There was no question of the settlement compromising Mrs Bayless’s injury claim since the offer would be construed as having settled the claim that had then been made.

12.2

Further, the second action would not have been struck out under the principles in Henderson v. Henderson given that Mrs Bayless acted in good faith; was not aware of her own psychiatric injury at the time of accepting the Part 36 offer; and the new action was not oppressive.

ANALYSIS

13.

In view of the concession that acceptance of the Part 36 offer was not effective to settle Mrs Bayless’s first claim, the strike-out application was bound to fail:

13.1

First, any argument that the purported settlement compromised Mrs Bayley’s personal injury claim necessarily fails.

13.2

Secondly, there was, on this analysis, no earlier settlement that could lead the court to invoke the rule in Henderson v. Henderson.

14.

Ms Mauladad is right to observe that the failure to seek approval of this settlement put Mrs Bayless and her children at risk since the 2019 settlement was not valid. Subject to any estoppel argument, the Trust would be as entitled as the claimants to resile from the 2019 settlement: Drinkall v. Whitwood [2003] EWCA Civ 1547, [2004] 1 W.L.R. 462; Revill v. Damiani [2019] EWHC 2630 (QB).

15.

While such criticism is properly made, one might think that the Trust’s own solicitors are in something of a glass house. The Trust has paid out £340,000 plus costs in settlement of a claim without obtaining a good discharge. It is elementary that one does not pay sums in settlement of a claim brought by or on behalf of children or protected parties without first requiring such claimants to obtain the court’s approval.
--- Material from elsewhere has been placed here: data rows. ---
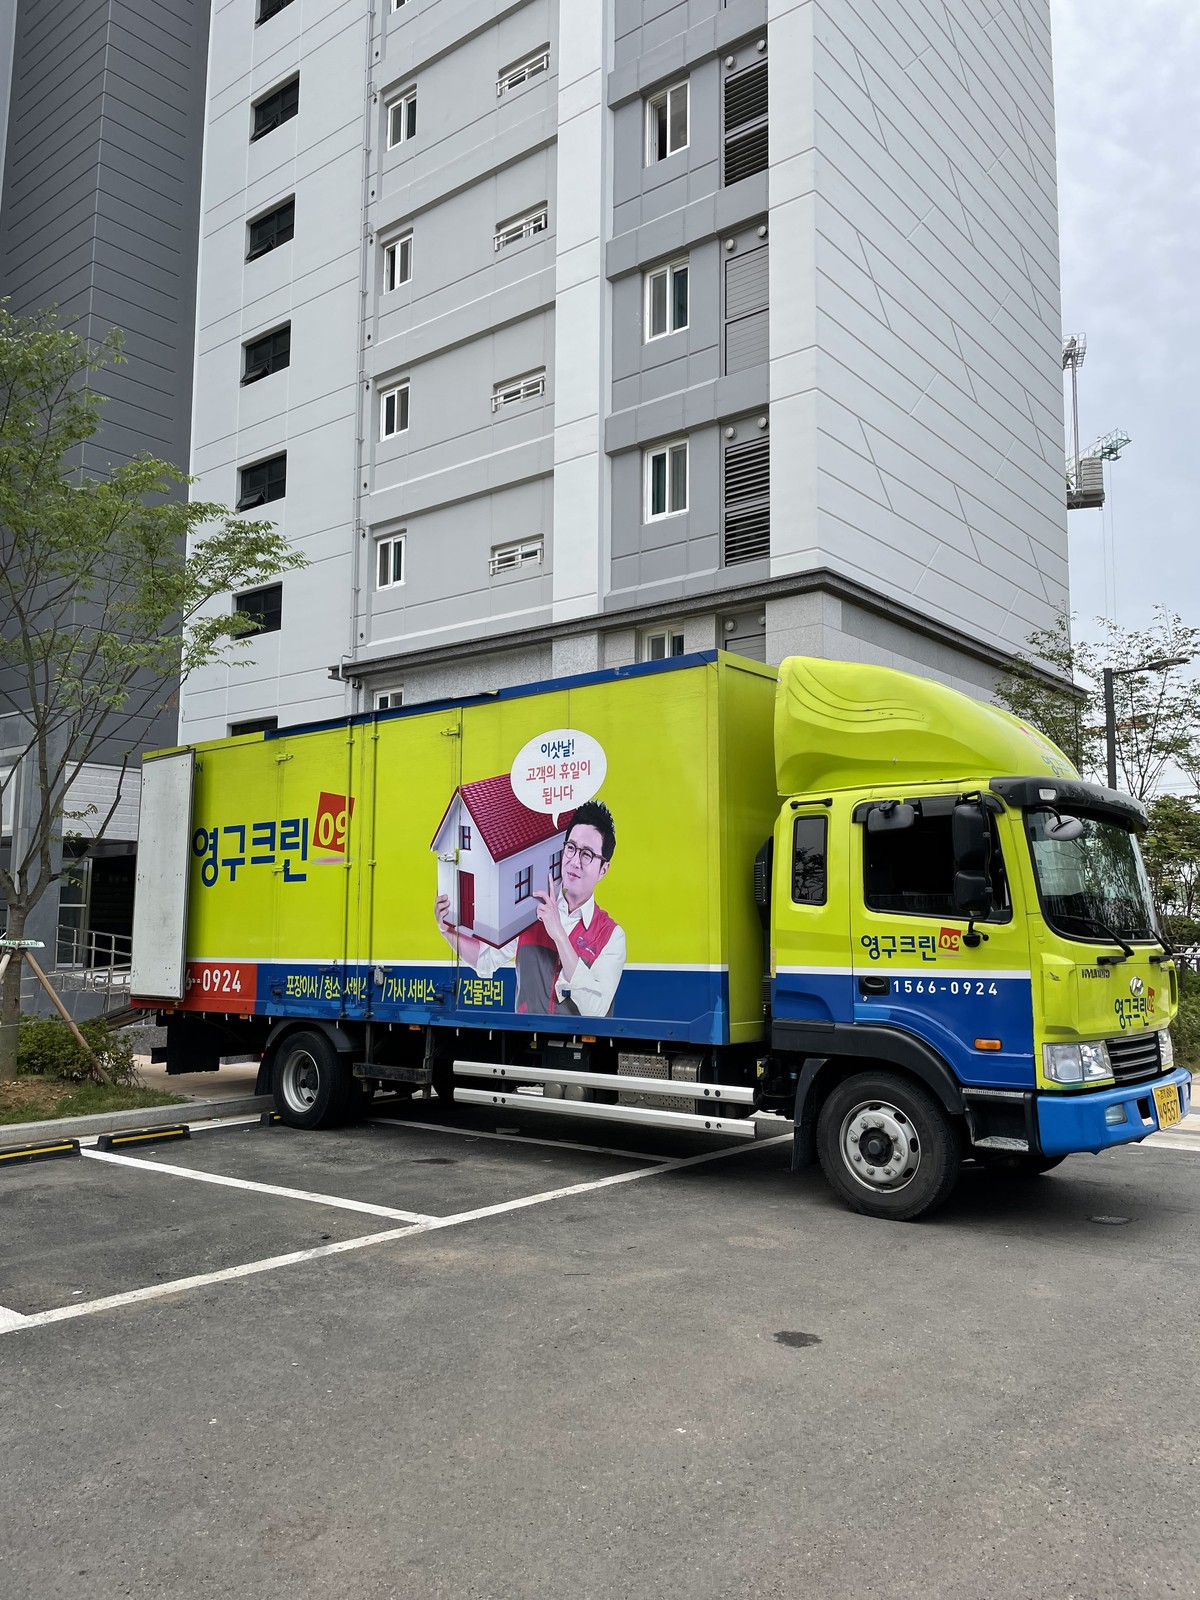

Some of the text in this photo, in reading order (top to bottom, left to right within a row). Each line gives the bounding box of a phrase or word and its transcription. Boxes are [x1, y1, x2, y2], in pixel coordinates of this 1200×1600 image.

[541, 739, 575, 759] 이삿날!
[526, 760, 591, 783] 고객의 휴일이
[542, 784, 574, 805] 됩니다
[192, 810, 352, 887] 영구크린 09
[861, 934, 960, 961] 영구크린 09
[408, 978, 435, 1003] 서비스
[893, 980, 998, 996] 1566-0924
[1115, 997, 1149, 1029] 영구크린
It is no answer to say that the Trust’s lawyers assumed that that had been done. Indeed, any application for approval of this pre-issue settlement required the issue of a Part 8 claim pursuant to r.21.10(2). Such procedure would of course have required the service of proceedings and notice of the date for the approval hearing upon the Trust. While Mrs Bayless and her children were put at unnecessary risk that the Trust might withdraw the offer, the Trust was equally put at risk:

15.1

First, the Trust faces the risk that the claimants might seek to resile from their earlier acceptance of the Part 36 offer.

15.2

Secondly, even if the parties agree to abide by the terms of their earlier settlement, the youngest claimant remains a child and the settlement can only now be made binding upon obtaining the court’s approval. Such approval will have to be sought on the basis of the 2023 value of the child’s dependency claim which will not necessarily be the sum that was agreed in 2019.

16.

I do not therefore accept that the lack of approval was something known only to Mrs Bayless’s lawyers or for which they alone are responsible. It should have been clear on the face of the Trust’s lawyers’ own files that the 2019 settlement had not been approved by the court. Accordingly, on the material that was available to the Trust upon proper investigation, this was always a hopeless application to strike-out Mrs Bayless’s claim.

17.

Even if the 2019 settlement had been approved by the court, I am not in any event satisfied that the Trust reasonably sought to strike-out Mrs Bayless’s personal injury claim. Taking the matter shortly given that the application has been withdrawn:

17.1

Claim compromised by the settlement: On the proper construction of the intended settlement, the parties compromised the claims that had been advanced in the pre-action correspondence and schedule of loss. No personal injury claim was asserted by Mrs Bayless in the 2018 letter of claim or the 2019 schedule of loss.

17.2

Henderson v. Henderson abuse:

a)

There is a heavy burden on defendants seeking to strike out a second claim on the basis of Henderson v. Henderson abuse. It must be shown that it would be “oppressive” or “manifestly unfair” to allow the second action to proceed: Johnson v. Gore Wood & Co. Ltd [2002] 2 A.C. 1, at p.60; Michael Wilson & Partners v. Sinclair [2017] EWCA Civ 3, [2017] 1 W.L.R. 2646, at [100]. Findings of abuse will be rare: Johnson, at p.31; In Re. Norris [2001] 1 W.L.R. 1388, HL, at [26]; and Michael Wilson, at [48].

b)

It was never likely that the court would strike-out a personal injury claim that, on the evidence before the court, Mrs Bayless was not aware of at the time of the 2019 settlement in circumstances where the Trust, without complaint, was in any event to face claims for psychiatric injury from other secondary victims of its clinical negligence.

18.

For these reasons, I conclude that the Trust withdrew an application that it ought to have realised, on proper investigation, was always liable to be dismissed. In doing so it has put Mrs Bayless to unnecessary cost and it should now pay her costs on the standard basis.

Nicola Bayless & Ors v Norfolk and Norwich University Hospitals NHS Foundation Trust

[2023] EWHC 2986 (KB)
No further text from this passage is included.